NAMCHE BAZAR
A saída de Namche Bazar simboliza ao mesmo tempo o desapego e a ousadia. Daqui para frente, há cada vez menos infraestrutura, banhos e oxigênio. Os primeiros passos do dia são sempre os mais empolgados, mas também os mais preguiçosos, pois os raios de sol ainda não quebraram o manto frio da madrugada.
Logo nos metros inicias cruzamos os únicos brasileiros em todo nosso caminho, um casal baiano de mais de 50 anos, ele com a camisa do Bahia. Um vestígio pitoresco de Brasil que contrastava com os traços mongóis das dezenas de sherpas, a maioria mulheres, descendo das vilas mais altas com suas cestas de vime rumo a Namche, para o mercado do dia seguinte.
Curva após curva, vale após vale, sempre uma stupa com bandeirinhas de oração. O ingrediente que faltava para compor as fotos do magistral Ama Dablam (6.814m) – com seu pico achatado, é a montanha mais bonita do percurso – e um tímido, porém onipresente, Everest. Imaginei que, a partir de então, não só visualizaria a montanha o tempo todo, como caminharia em trechos planos ou declives. Sabia de nada, inocente.
Se a recompensa por chegar a Tengboche fosse apenas visual, já seria ótimo. A 3.864 metros acima do nível do mar e cercada de imensas montanhas por todos os lados, a vilinha me fisgou por sua energia. De fato, segundo o guia Carlos Santalena, Tengboche costuma ser o ponto predileto dos clientes. “É um lugar elevadíssimo espiritualmente – um dos únicos da região nunca atingido por fenômenos naturais como deslizamentos de pedra ou gelo. E tem o visual mais bonito da viagem, com o Everest alaranjado ao entardecer.”

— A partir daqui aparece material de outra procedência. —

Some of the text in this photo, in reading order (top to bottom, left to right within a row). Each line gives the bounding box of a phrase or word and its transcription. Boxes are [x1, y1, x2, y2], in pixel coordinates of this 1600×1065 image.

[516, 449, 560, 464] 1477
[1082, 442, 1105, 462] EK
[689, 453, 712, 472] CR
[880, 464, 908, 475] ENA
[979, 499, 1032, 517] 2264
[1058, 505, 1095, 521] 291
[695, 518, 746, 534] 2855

Seu monastério é um dos mais conhecidos – e belos – do Nepal. Diariamente, às 7h e às 15h, os monges promovem sessões de oração abertas. Inveja, confesso, foi a primeira coisa que senti ao ser atingido pelo sorriso do monge Sonam Sherpa. Suas feições emanavam felicidade numa dimensão que vi poucas vezes. Um frio danado e ele ali, 27 anos, cabelo raspado, vivendo por opção no alto de uma montanha. Deu uma bênção e amarrou em meu pescoço um cordão alaranjado da cor de sua túnica.
Era a quarta noite de viagem e, pela primeira vez, senti frio. O saco de dormir – que suportaria até 15 graus negativos – precisou do reforço de um casaco e de um liner, espécie de segunda pele de dormir. No dia seguinte, a Tengboche cinzenta da véspera deu lugar a uma iluminada vila com seu monastério colorido pulsando. Se pudesse, ficaria mais.

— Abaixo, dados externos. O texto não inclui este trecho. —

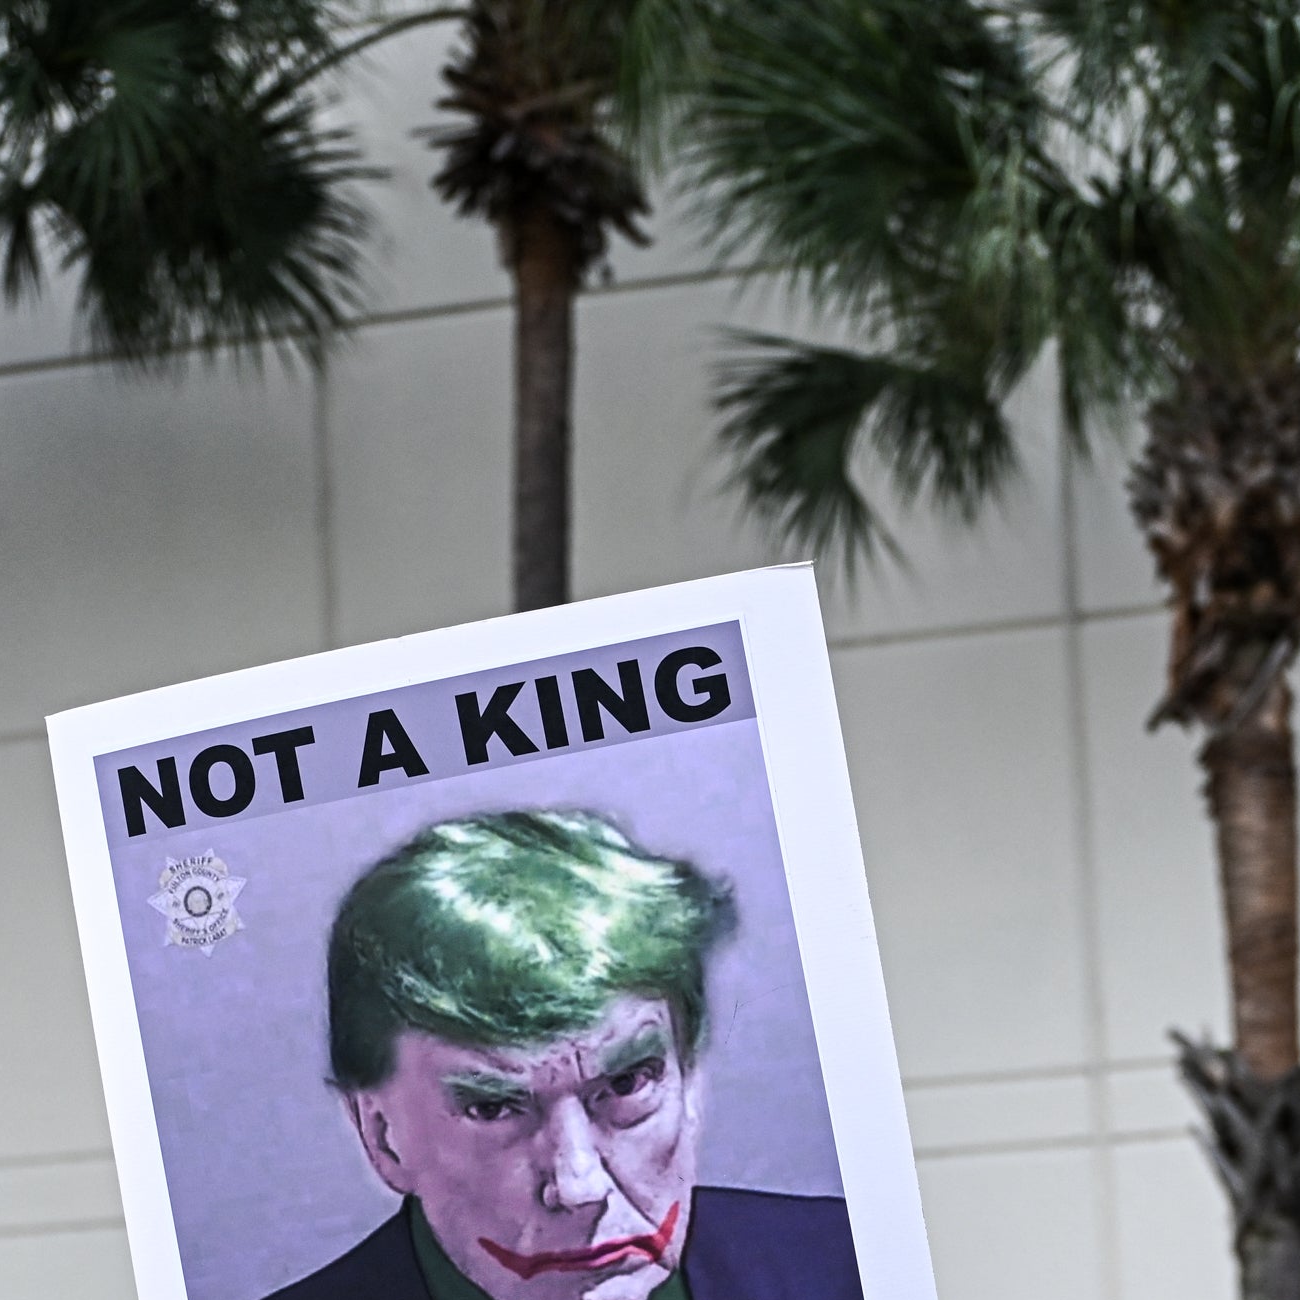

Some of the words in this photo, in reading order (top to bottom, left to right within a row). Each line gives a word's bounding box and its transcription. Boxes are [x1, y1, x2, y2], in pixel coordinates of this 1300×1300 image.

Depois de 2 horas, chegamos a Pangboche para almoçar e visitar o Lama Geshe, o mais importante representante do budismo na região do Khumbu.
As 15 pessoas de nosso grupo se uniram a outros visitantes e, juntos, entoamos vários mantras. Cada um foi presenteado com um khata, espécie de lenço de seda de cor creme que simboliza pureza e compaixão. Como que completando o momento de intensa magia, ao sair, uma neve fininha caía sobre nossas mochilas, pintando o cenário de branco pela primeira vez. Um vento cortante testava a vedação de nossos casacos. Parecíamos bem aclimatados e a subida não foi tão severa, porém a chegada em Pheriche, a 4.240 metros, foi difícil pelo tempo inclemente.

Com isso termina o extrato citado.